The Chinese government’s security apparatus, including the Xinjiang Production and Construction Corps, generates revenue from the forced labor in these camps, a tactic straight out of authoritarian playbooks of the 20th Century. Nazi Germany’s elite Schutzstaffel security unit, or “SS,” established companies and held contracts with firms that financially benefitted from forced labor in genocidal internment camps. The Soviet agency that managed Stalin’s labor camps, known as GULAG, also evolved into an economic empire, financially benefitting from forced labor camps holding political prisoners.

China’s state-sponsored forced labor and human trafficking does not stop at the walls of its internment camps. Outside of the camps in Xinjiang, minorities are forced to work under constant surveillance and abuse, with camp detention as the only alternative. Detainees of the slave labor camps are sent to work in factories across China against their will.

CBP has been detaining products made with forced labor for many years, from many parts of the world.

These actions taken by DHS send a clear message to the international community and businesses around the world that using forced labor to make cheap products will not be tolerated by the Trump administration.
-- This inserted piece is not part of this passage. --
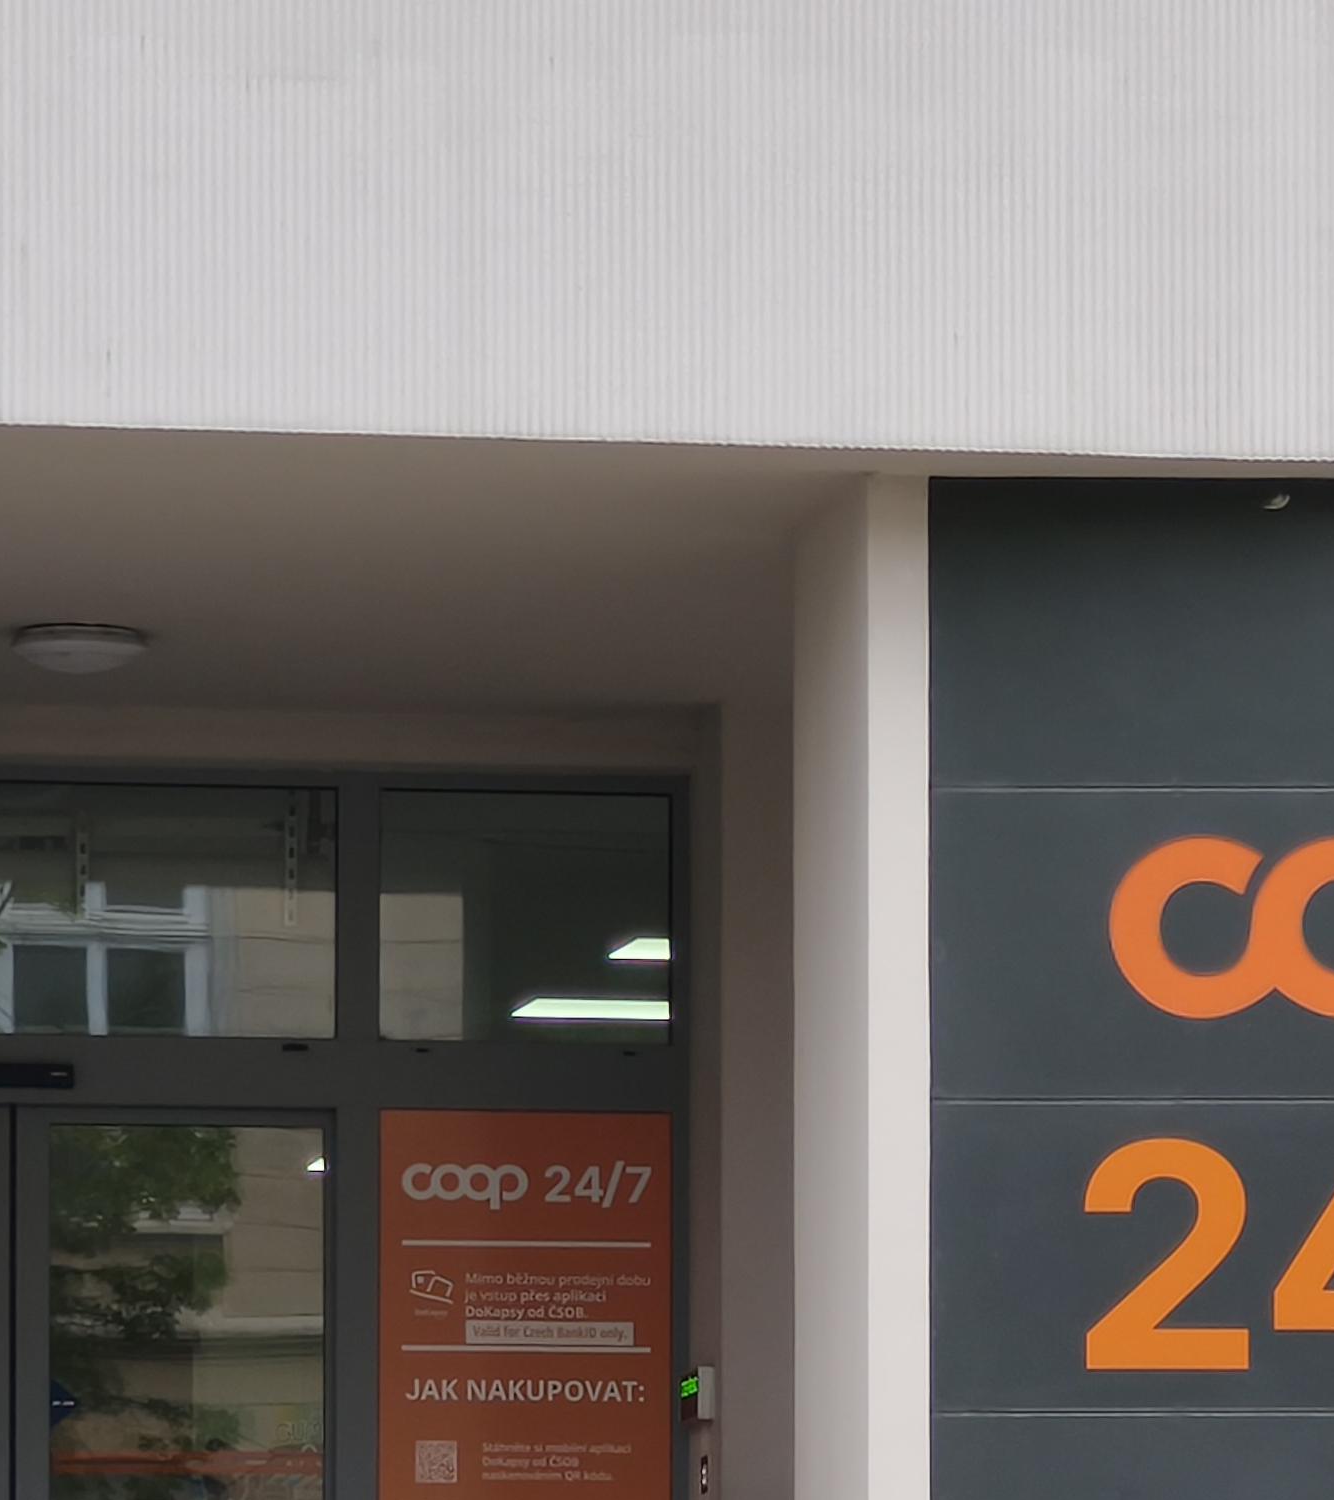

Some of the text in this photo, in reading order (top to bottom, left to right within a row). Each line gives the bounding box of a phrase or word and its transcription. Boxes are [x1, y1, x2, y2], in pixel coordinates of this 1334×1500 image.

This is also a warning to U.S. companies: examine your supply chains for any trace of goods or components made by forced labor and then remove them immediately and inform suppliers that your company will not accept or pay for such items under any circumstances. The U.S. will not permit products made with forced labor from Chinese internment camps and from other countries to enter American markets. Forced labor violations can result in civil penalties of up to hundreds of thousands of dollars in fines and criminal consequences for companies who fail to comply.

Our nation stands for the dignity and worth of every human being. The Chinese government needs to close its internment camps, set its captives free, and end its state-sponsored forced labor program immediately. Until they do, we will continue to block these illicit goods and prosecute those who profit from them.

Ken Cuccinelli is the Senior Official Performing the Duties of Acting Deputy Secretary for the Department of Homeland Security and Mark Morgan is the Acting Commissioner of Customs & Border Protection.